In the contextual study, the increasing divide between the rich and the poor has triggered the need to understand these informal settlements as an added value to the city. This study highlights that these case studies are there to stay, and rather than doing practices to evict them, the focus should lie on giving policy guidelines and resources for their upgradation. The study suggests that the role of architects and planners alongside the government is integral in investigating different settlement morphologies to devise policy interventions. This research does not suggest romanticizing these existing informal settlements. Still, there is much to learn from their self-managed practices of adapting urban morphologies as architects and urban planners.

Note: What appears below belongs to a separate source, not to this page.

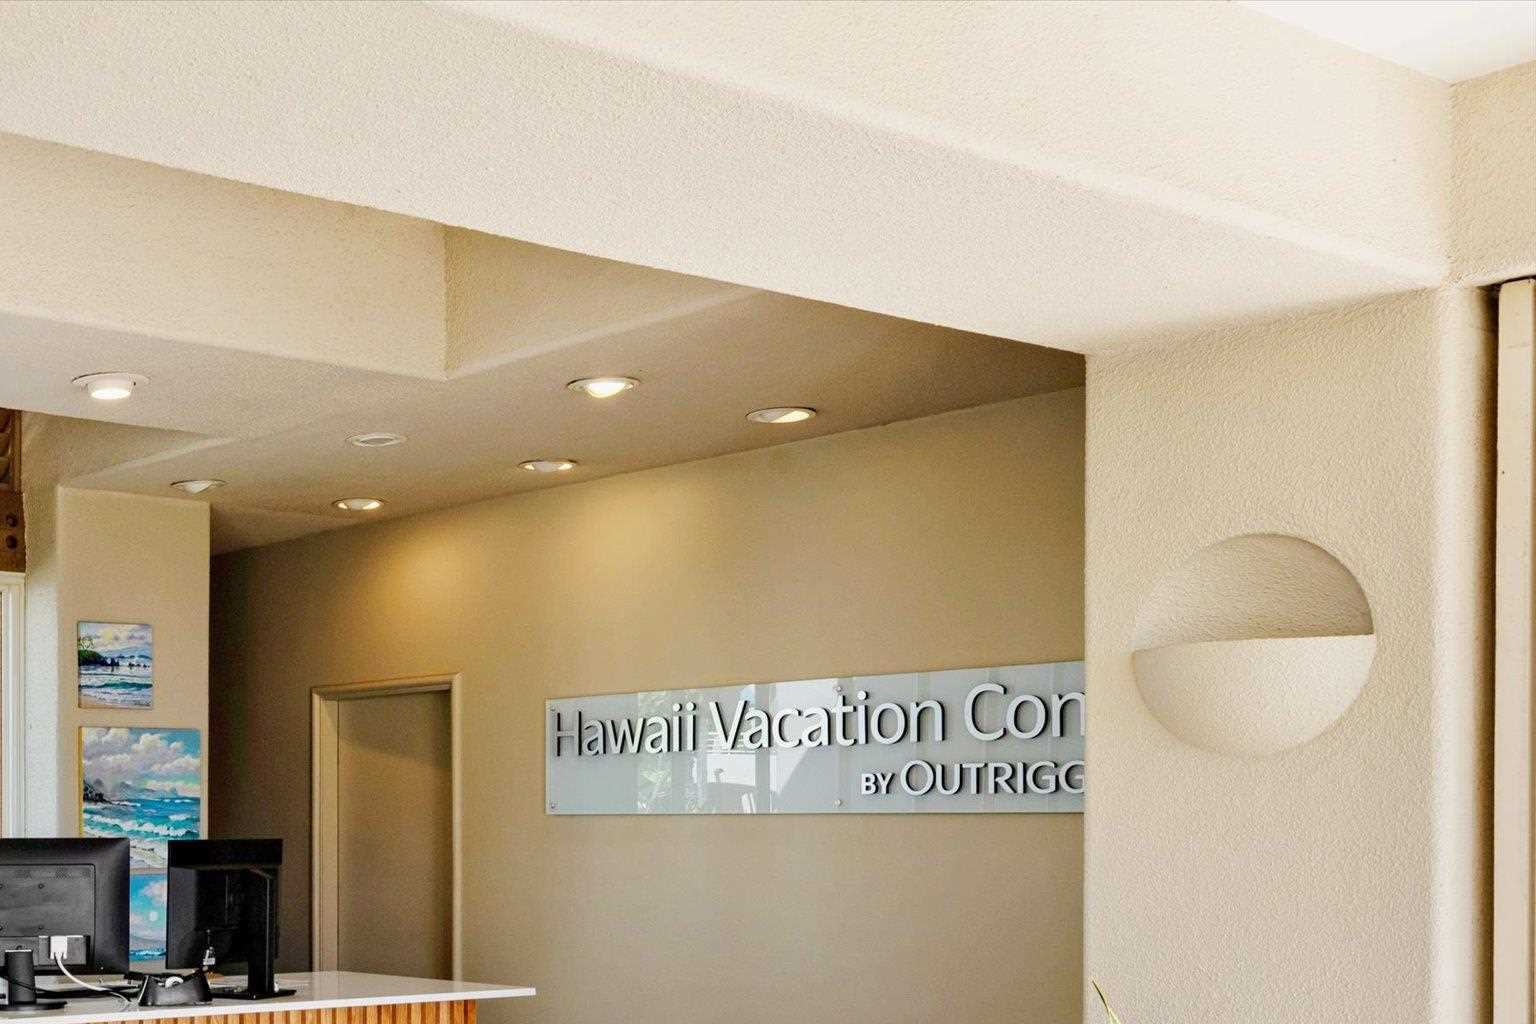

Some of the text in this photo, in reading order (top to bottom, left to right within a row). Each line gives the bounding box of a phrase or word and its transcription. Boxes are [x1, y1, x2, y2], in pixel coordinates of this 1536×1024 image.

[555, 701, 696, 757] Hawaii
[708, 690, 945, 751] Vacation
[860, 771, 895, 796] BY

The research also advocates that the government should focus on revising the existing policies and understand that the “one size fits all” approach is not ideal for Lahore; instead, individual morphologies must be studied. Applying formal approaches based on functional, hierarchal, and deterministic planning solutions is not feasible unless they recognize different typologies of areas and then shape them accordingly.

9. Limitations and Future Research

Limitations of the study are seen as potential opportunities for further research. There were aspects and directions that this research did not touch upon because of the focus on the objectives and research questions as initially designed. These limitations also establish a new finding of this research, i.e., identifying and considering them in informal settlements’ spatial analysis. Among the many factors, accessibility and accuracy of data and its refinement are crucial in exploring more about the informal morphologies of these settlements. However, they often remain undocumented and not recognized within the formal maps [102], which also remains a limitation when conducting this research. This research is limited from the perspective of both scale and scope. Spatial mapping for these settlements focuses less on the semantic and symbolic aspects than on studying their overall morphology and making them visible within the city’s urban fabric. Furthermore, the analysis of chosen indicators provides limited information on the potential synergies, which is highly complex and provides an area for future research on similar case studies.

Deficiencies and missing gaps in data collection are other limitations, as the data on informality could not be found or made available in governmental and other institutional documents and archives. Direct observation is not easy in a country with extensive geography; therefore, this study could partly achieve it. The COVID-19 pandemic further added a new challenge while doing the field survey, as it was difficult to maintain social distancing with the people. In addition, given the uncertainties linked to the pandemic and its impact, the field and interview data provided point-in-time information. However, this cannot be associated with the present or future conditions. Henceforth, an extended exploration is needed with an advanced method that could establish the basis of adding new cases in the atlas of informal settlements. As part of future research, effort should be made to focus on a more in-depth measure for characterizing the urban form over different times, using various tools and methods which provide greater precision and inclusion across the globe. Currently, remote-sensing tools are rapidly being developed and can soon offer ventures to the more robust mapping of physical attributes of informality. Nevertheless, based on the findings and methodology of this research, prospective studies can also contribute to the implementation of similar research studies across the global south cities.